You are invited to take part in a research project involving completing an anonymous online survey, which examines whether certain personality and other characteristics are related to the way individuals decide what is right and wrong and whether they engage in behaviours that have the potential to result in legal consequences. In particular, we are interested in whether certain traits that may be associated with autism spectrum disorder are related to differences in moral decision making and whether these differences may place some people at risk of offending. We anticipate that the findings of the study will inform programs to assist individuals who may be at risk of offending.The survey will take approximately 45 minutes to complete.
Claire Thompson, Clinical Psychologist in training, Newcomen Centre at St Thomas’, St Thomas’ Hospital, is conducting a study into apps for children with autism.
“We are a paediatric neurosciences team based in the UK working with lots of children with an autism diagnosis, and have heard from some of our parents that they use iPad and android apps to help their children with daily living skills, communication and much more. We would like to find out which apps parents of children with autism find most helpful. Some of these apps have been properly reviewed and tested out, but a clear evidence base is lacking and it can be difficult for parents to know which apps are useful. We would be very grateful if you could take a few minutes to fill in our survey to help us to gather recommendations and provide a resource to parents of useful apps.
“All of your answers will be anonymous and we do not ask for any identifying data.”
For further information please email firstname.lastname@example.org
Abigail Tee, an MSc Research Methods in Psychology Student from Swansea University, is currently running a study and is recruiting parents who use intensive interaction with children with ASD (diagnosed or undiagnosed and for any length of time/any age).
She needs parents who carry out II with their children two fill out two very brief questionnaires online. One as soon as possible and the other in about 3 months.
Rebecca Brewer, a doctoral student with the University of Birmingham who is training to become a forensic psychologist, is looking at people’s understanding of courtroom processes.
The study aims to provide information to help lawyers and healthcare workers decide if a person is able to follow and understand what is happening and why in the courtroom.
If you are on the autism spectrum (including Asperger syndrome or pervasive developmental disorder i.e. PDD-NOS), are 18 or older, and have no criminal convictions, the researcher would like to hear from you.

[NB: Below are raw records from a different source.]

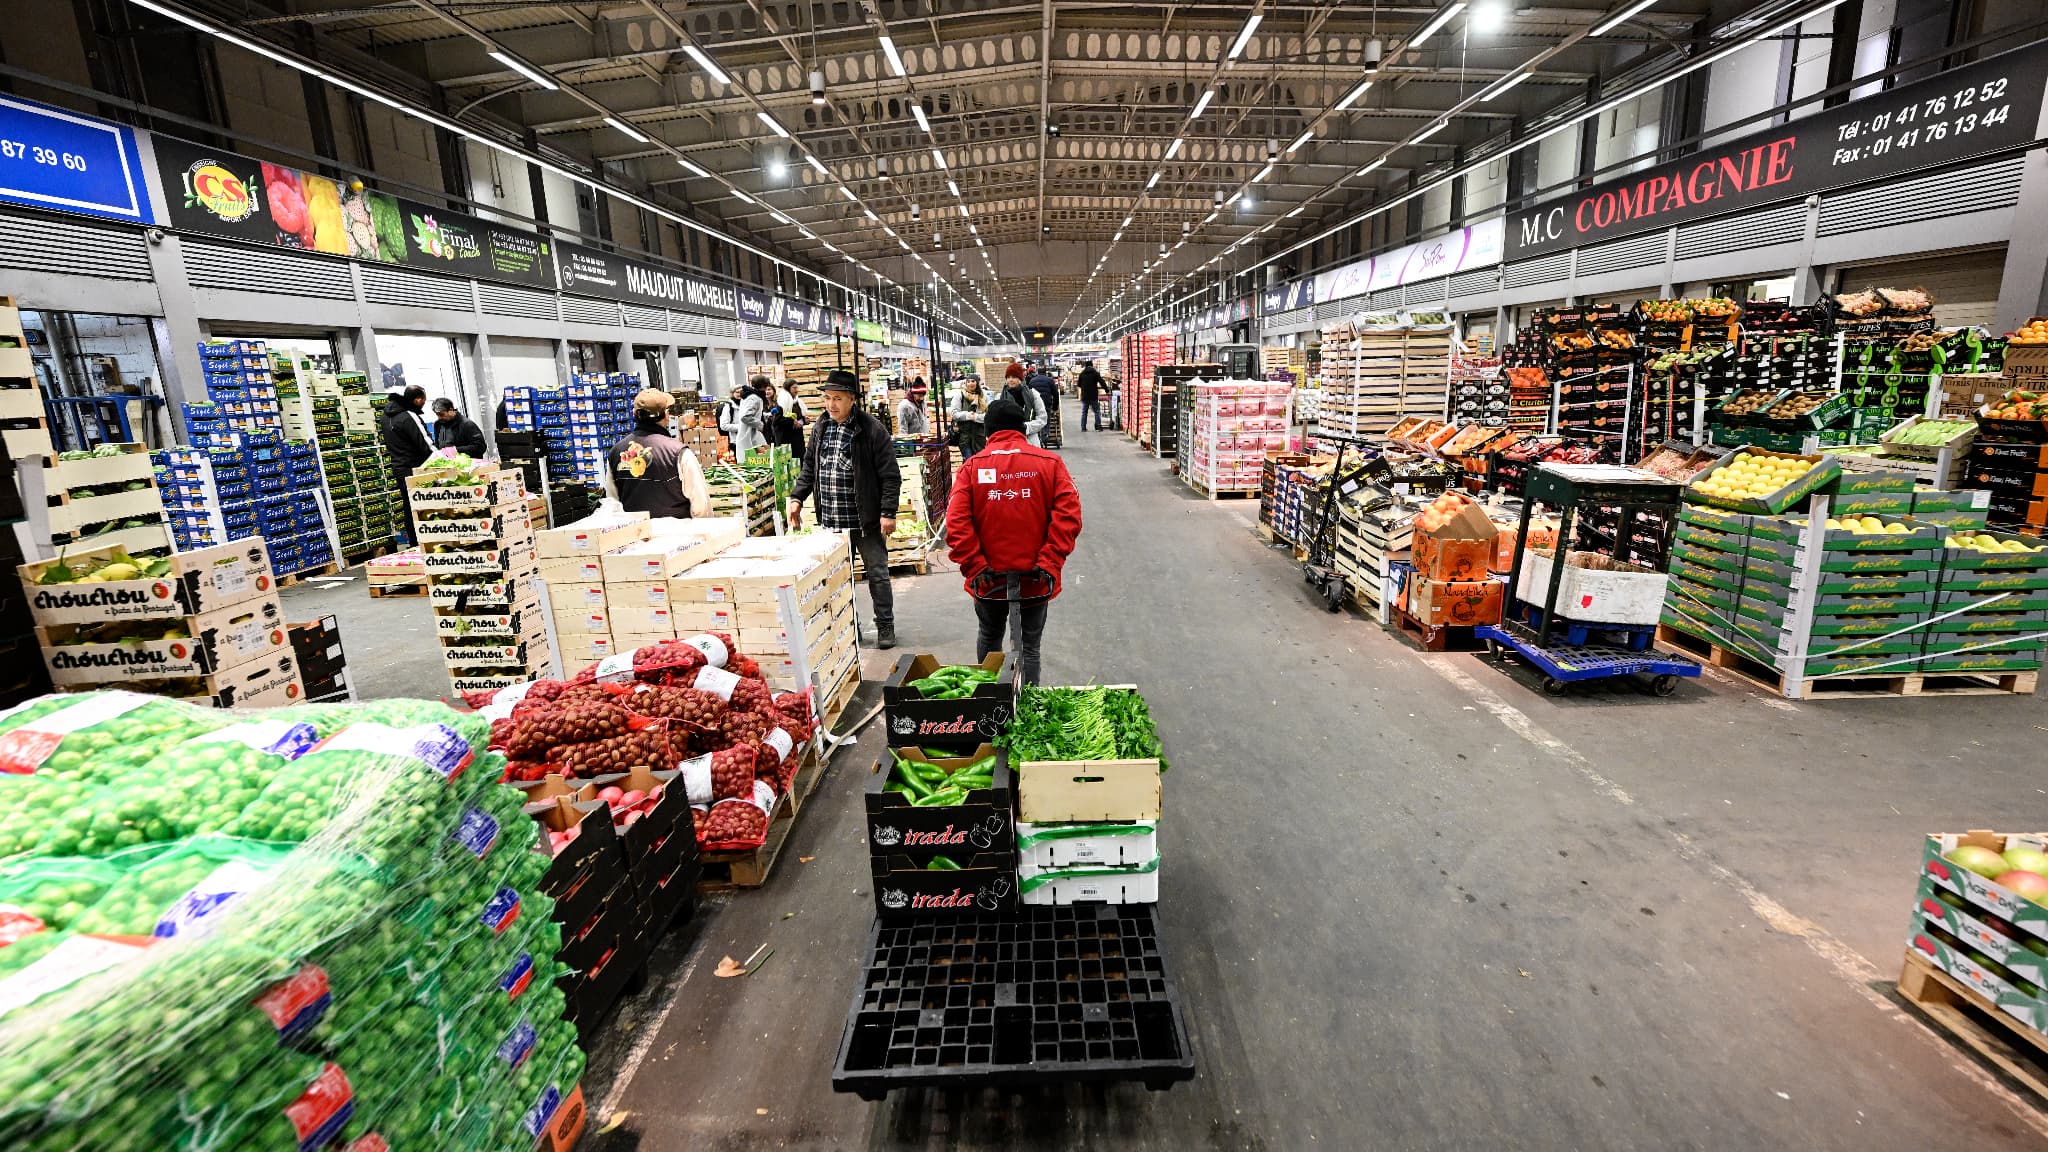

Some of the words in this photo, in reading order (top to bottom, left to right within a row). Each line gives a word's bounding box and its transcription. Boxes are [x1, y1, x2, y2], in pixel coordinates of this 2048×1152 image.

[1838, 121, 1860, 142] Tél
[1872, 112, 1891, 132] 01
[1896, 104, 1918, 125] 41
[1923, 96, 1947, 118] 76
[1953, 88, 1975, 109] 12
[1979, 77, 2008, 101] 52
[1833, 148, 1860, 166] Fax
[1872, 136, 1891, 156] 01
[1897, 128, 1919, 149] 41
[1925, 121, 1948, 143] 76
[1954, 113, 1977, 135] 13
[1981, 105, 2010, 127] 44
[1, 140, 26, 160] 87
[33, 147, 58, 166] 39
[63, 153, 87, 172] 60
[195, 175, 246, 202] CS
[1520, 205, 1564, 248] M.C
[1575, 137, 1796, 232] COMPAGNIE
[440, 228, 475, 249] Final
[626, 264, 684, 302] MAUDUIT
[686, 279, 735, 311] MICHELLE
[205, 346, 226, 354] Sigil
[208, 361, 229, 370] Sigil
[212, 376, 232, 385] Sigil
[215, 391, 236, 400] Sigil
[537, 390, 556, 399] Sigil
[190, 407, 211, 416] Sigil
[539, 403, 557, 413] Sigil
[541, 416, 559, 425] Sigil
[193, 422, 214, 431] Sigil
[249, 434, 268, 443] Sigil
[211, 453, 232, 462] Sigil
[216, 469, 236, 479] Sigil
[257, 465, 275, 474] Sigil
[260, 479, 278, 489] Sigil
[220, 485, 240, 495] Sigil
[987, 488, 1031, 500] 新今日
[266, 508, 284, 518] Sigil
[227, 515, 247, 525] Sigil
[269, 522, 287, 532] Sigil
[230, 529, 249, 540] Sigil
[275, 549, 293, 559] Sigil
[279, 562, 296, 573] Sigil
[142, 603, 176, 614] Portugal
[161, 662, 193, 673] Portugal
[270, 672, 297, 689] Portugal
[919, 715, 976, 735] irada
[904, 824, 968, 846] irada
[912, 888, 975, 908] irada

In particular, individuals living in the Midlands, Oxfordshire, Buckinghamshire, Northamptonshire, Cambridgeshire, Bedfordshire and Hertfordshire regions.

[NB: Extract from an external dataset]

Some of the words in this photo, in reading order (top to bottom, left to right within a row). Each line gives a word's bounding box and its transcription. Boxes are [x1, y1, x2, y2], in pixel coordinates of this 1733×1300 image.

The research takes around one hour to complete and can be undertaken near to your home (e.g. a local library).
When you have completed the study, your name will be entered into a prize draw to win a £30 for a shop of your choice.
For more information please email email@example.com
Curtis Cripe, a stepfather of an ASD child, health care professional, and a Doctorial candidate with Northcentral University School of Behavioral Health Sciences, Prescott, Arizona.

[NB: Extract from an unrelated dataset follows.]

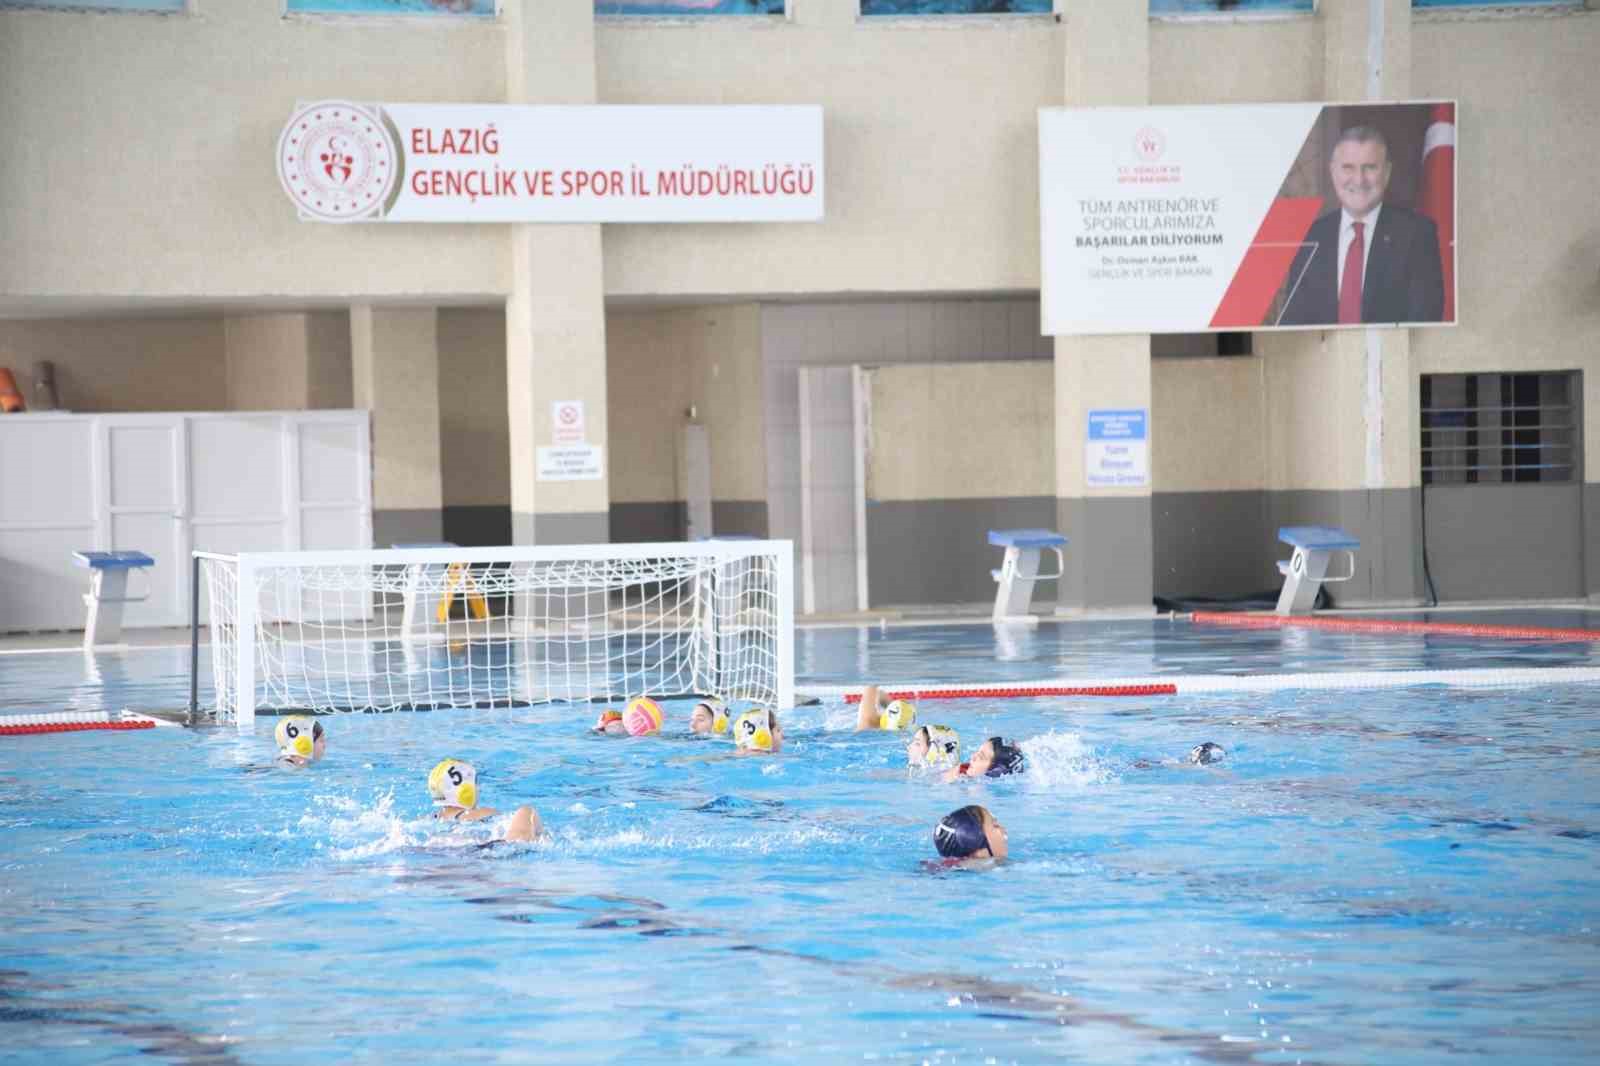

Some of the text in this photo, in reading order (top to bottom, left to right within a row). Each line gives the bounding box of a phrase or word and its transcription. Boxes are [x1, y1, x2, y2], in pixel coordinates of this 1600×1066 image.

This study explores how resilient parents raising special needs children affect the entire family’s resilience and is intended for publication. Families raising special needs children face unique challenges that differ from families who are not raising a special needs child, often not understood by family therapists. It is hoped that the results of this study will help influence family therapists by showing what the differences are.
The survey should take approximately 20-30 minutes to complete, by both parents at the same time or by a single parent.
A copy of your results that shows how resilient each parent is, the family’s resiliency, and how much stress each parent is under will be available after completing the survey. These standardized survey instruments are the same instruments that a family therapist would use, but would require three separate meetings.